Saint Crispin’s の起源は1980年代半ばに遡ります。 靴デザイナーであった マイケル・ローリック氏 は、既製靴とビスポーク靴の間に存在する決定的な品質差に疑問を抱いていました。

高級既製靴は外観の完成度は高いものの、足への適合は限定的である。 一方、ビスポーク靴は理想的ではあるが、価格と製作期間の面で現実的とは言えない。

当時、この両者の中間に位置する本格的な選択肢はほとんど存在していませんでした。 そこで、 「ビスポーク級の品質を既製靴として提供できないか」 という発想から、Saint Crispin’s の構想が生まれます。

1992年にはオーストリアにてブランド名が正式に登録され、会社が設立。 ドイツやイタリアの顧客に向けてビスポーク靴の提供が開始されました。

■ ビスポーク由来の既製靴

Saint Crispin’s の既製靴は、単なる高級既製靴ではなく、 ビスポークの思想と技術を基盤として設計されています。

既製靴でありながら、 ハンドソーンウェルト製法 精密に設計されたラスト 手作業中心の工程 立体的な成形と仕上げ を採用し、既製靴とビスポークの中間ではなく、 ビスポークの延長線上にある既製靴として位置付けられています。

■現在の体制(ウィーン × ルーマニア)

2003年には、パートナーとして フィリップ・カー 氏が経営に参画し、 現在の生産・管理体制が確立されました。 企画・設計・ショールームはオーストリア・ウィーンに置かれ、 製作はルーマニア・ブラショフの自社工房で行われています。 年間生産数は約1,500足と極めて限定的で、 品質維持を最優先とした少量生産を貫いています。

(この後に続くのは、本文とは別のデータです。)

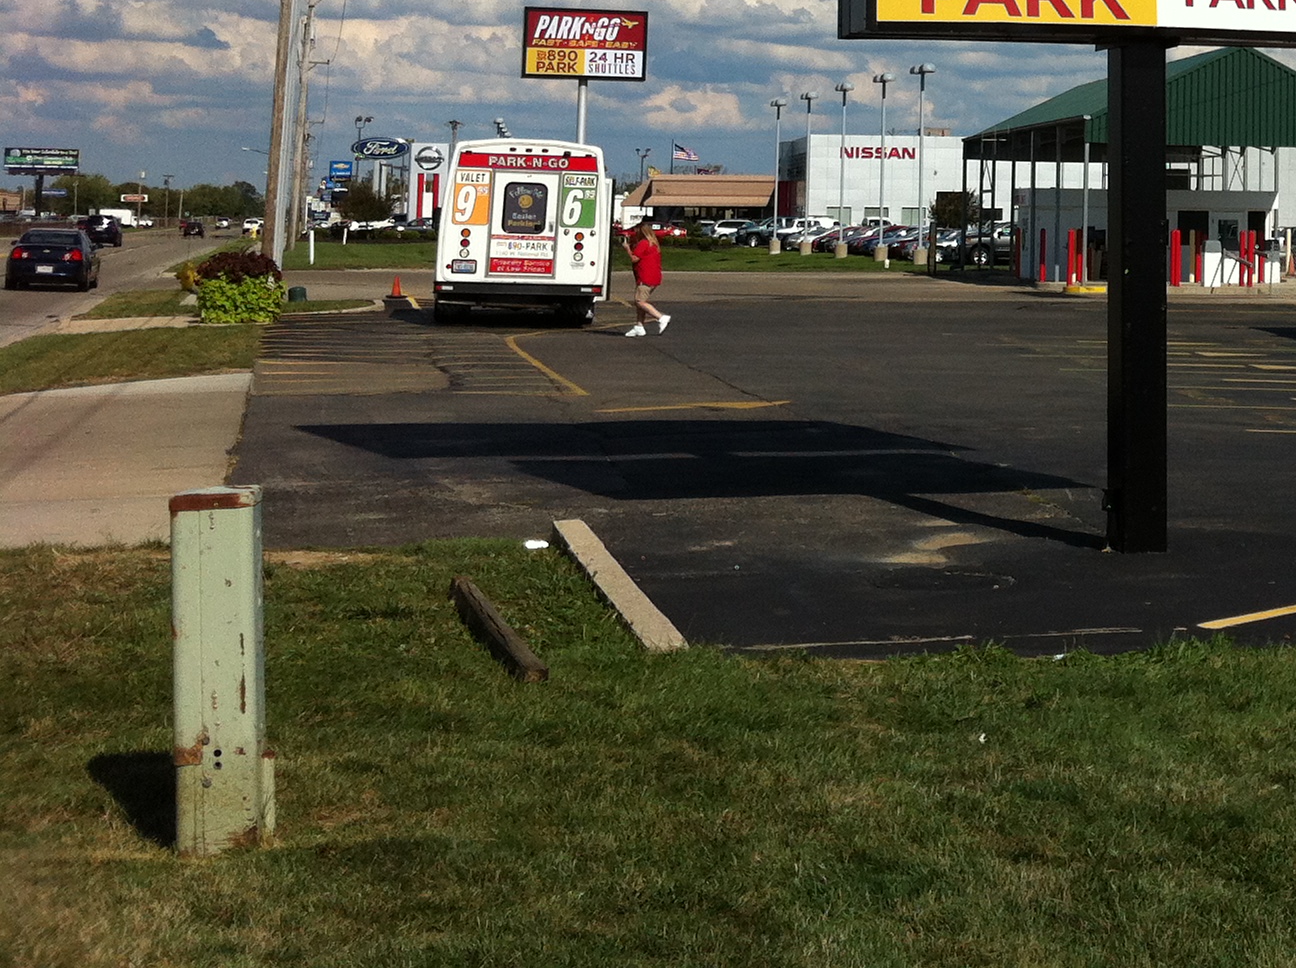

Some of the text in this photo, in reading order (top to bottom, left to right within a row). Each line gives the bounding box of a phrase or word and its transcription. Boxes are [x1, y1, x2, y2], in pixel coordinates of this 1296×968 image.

田中十靴店では靴のデザイン、パターン制作等、商品企画自体をルーマニアの職人と直接話し合う事で当店独自の世界観を持ったSaint Crispin’sを生み出しています。

■なぜ世界中の専門店が扱うのか

Saint Crispin’s は、華やかな装飾や知名度によって評価されるブランドではありません。
構造、履き心地、耐久性といった靴の本質そのものを重視する人々に選ばれる、極めて専門性の高い存在です。

その造形は、クラシックシューズが本来持つ構築的な重厚さを基盤としながら、東欧で唯一といっていいラテン民族ルーマニアの職人特有の艶やかな色気と、東欧的な力強い存在感を併せ持っています。

流行や過度な装飾に依存することなく、精密な設計と立体的な成形によって成立する独自の美しさ。
この普遍的で揺るぎない価値こそが、世界各国の専門店や愛好家から長年にわたり高い評価を受け続けている理由です。

■田中十靴店が取り扱う理由

田中十靴店では、既製靴でありながらビスポークに迫る設計思想と、長期使用に耐える堅牢な構造を兼ね備えた靴としてSaint Crispin’s を高く評価しています。

とりわけ、クラシックな重厚さに加え、ルーマニアの職人による手仕事がもたらす独特の色気と迫力は、既存の西欧靴とは異なる魅力を持ち、当店が提案する系統に囚われないクラシックスタイルとも強く共鳴します。

さらに、ルーマニアの職人と直接ディスカッションを行うことで、当店独自のデザインや仕様の開発が可能である点も重要です。

店頭展開モデルに加え、当店取り扱い外のモデルについても受注生産を行っており、お客様一人ひとりの要望に応じた柔軟かつ本格的な提案が可能です。

単なる既製靴ブランドとしてではなく、長く愛用できる本質的な一足を提供する存在として、田中十靴店は Saint Crispin’s を取り扱っています。